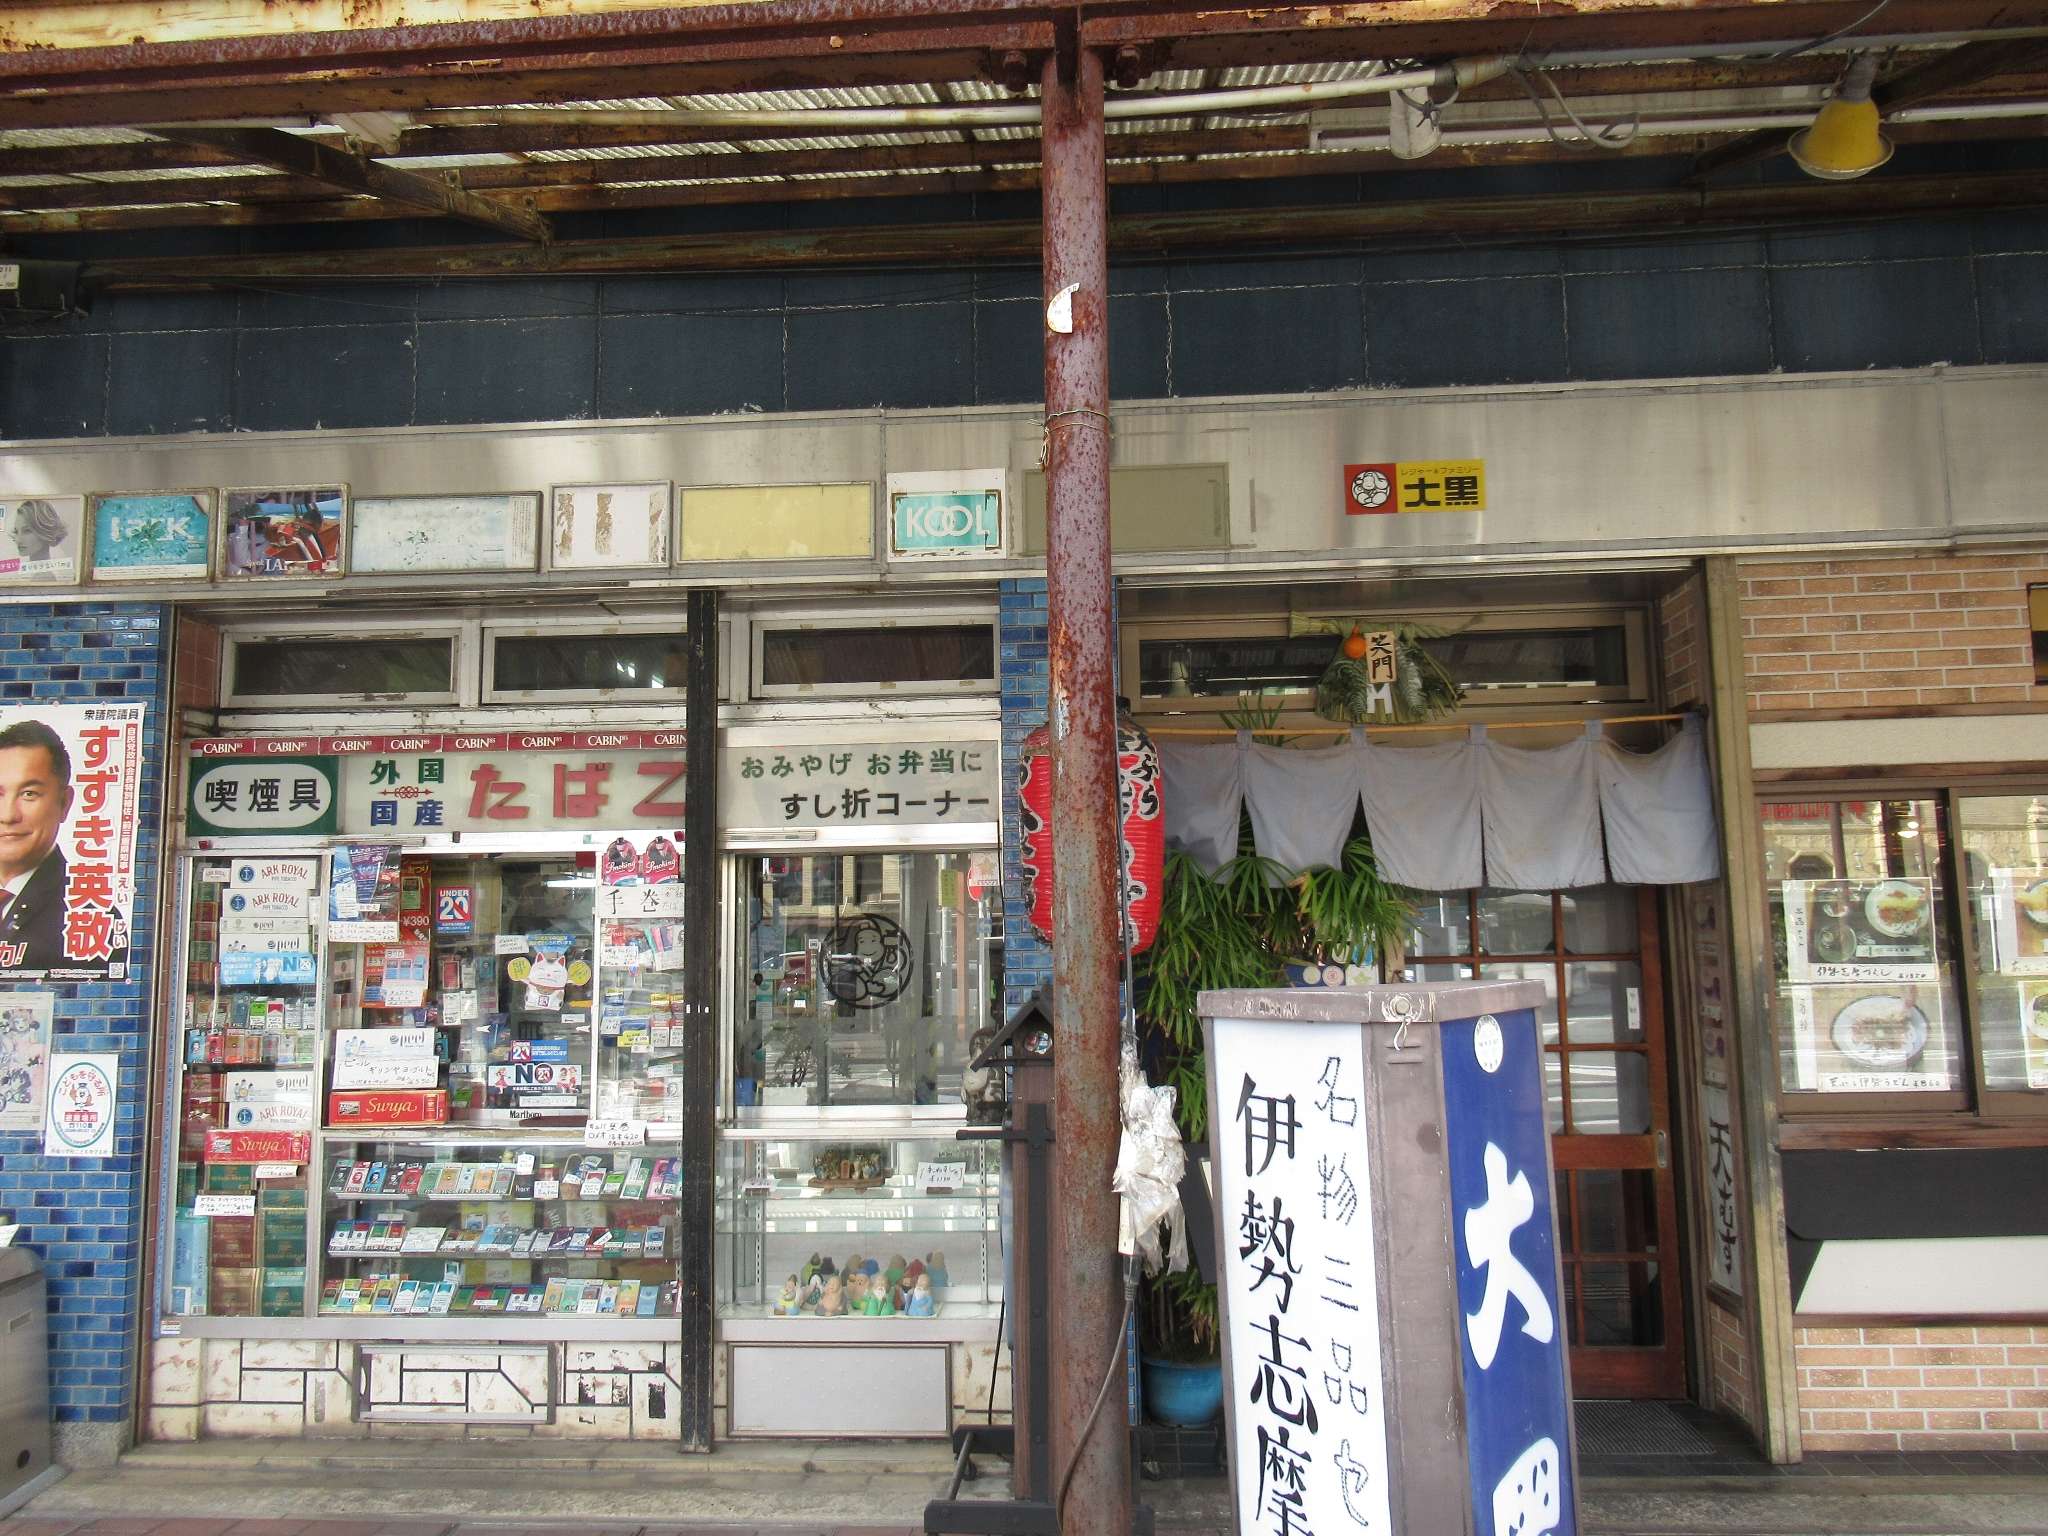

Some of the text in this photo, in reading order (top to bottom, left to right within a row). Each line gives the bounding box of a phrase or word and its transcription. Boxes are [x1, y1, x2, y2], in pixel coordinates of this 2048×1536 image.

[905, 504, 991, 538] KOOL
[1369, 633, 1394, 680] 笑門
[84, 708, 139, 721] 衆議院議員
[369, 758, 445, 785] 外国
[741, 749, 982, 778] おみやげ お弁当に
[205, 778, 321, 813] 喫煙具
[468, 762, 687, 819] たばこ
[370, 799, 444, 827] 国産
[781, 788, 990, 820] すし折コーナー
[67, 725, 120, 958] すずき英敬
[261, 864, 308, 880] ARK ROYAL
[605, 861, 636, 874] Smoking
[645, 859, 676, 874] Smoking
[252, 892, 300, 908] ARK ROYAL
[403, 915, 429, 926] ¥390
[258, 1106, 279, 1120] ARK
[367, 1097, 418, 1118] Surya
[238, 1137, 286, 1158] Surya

> _WHAT IS NEEDED_: Every record gets retyped exactly; no picture goes into the copy.

> _RESULT FOR THIS TASK_:
Some of the text in this photo, in reading order (top to bottom, left to right within a row). Each line gives the bounding box of a phrase or word and its transcription. Boxes are [x1, y1, x2, y2], in pixel coordinates of this 2048×1536 image.

[905, 504, 991, 538] KOOL
[1369, 633, 1394, 680] 笑門
[84, 708, 139, 721] 衆議院議員
[369, 758, 445, 785] 外国
[741, 749, 982, 778] おみやげ お弁当に
[205, 778, 321, 813] 喫煙具
[468, 762, 687, 819] たばこ
[370, 799, 444, 827] 国産
[781, 788, 990, 820] すし折コーナー
[67, 725, 120, 958] すずき英敬
[261, 864, 308, 880] ARK ROYAL
[605, 861, 636, 874] Smoking
[645, 859, 676, 874] Smoking
[252, 892, 300, 908] ARK ROYAL
[403, 915, 429, 926] ¥390
[258, 1106, 279, 1120] ARK
[367, 1097, 418, 1118] Surya
[238, 1137, 286, 1158] Surya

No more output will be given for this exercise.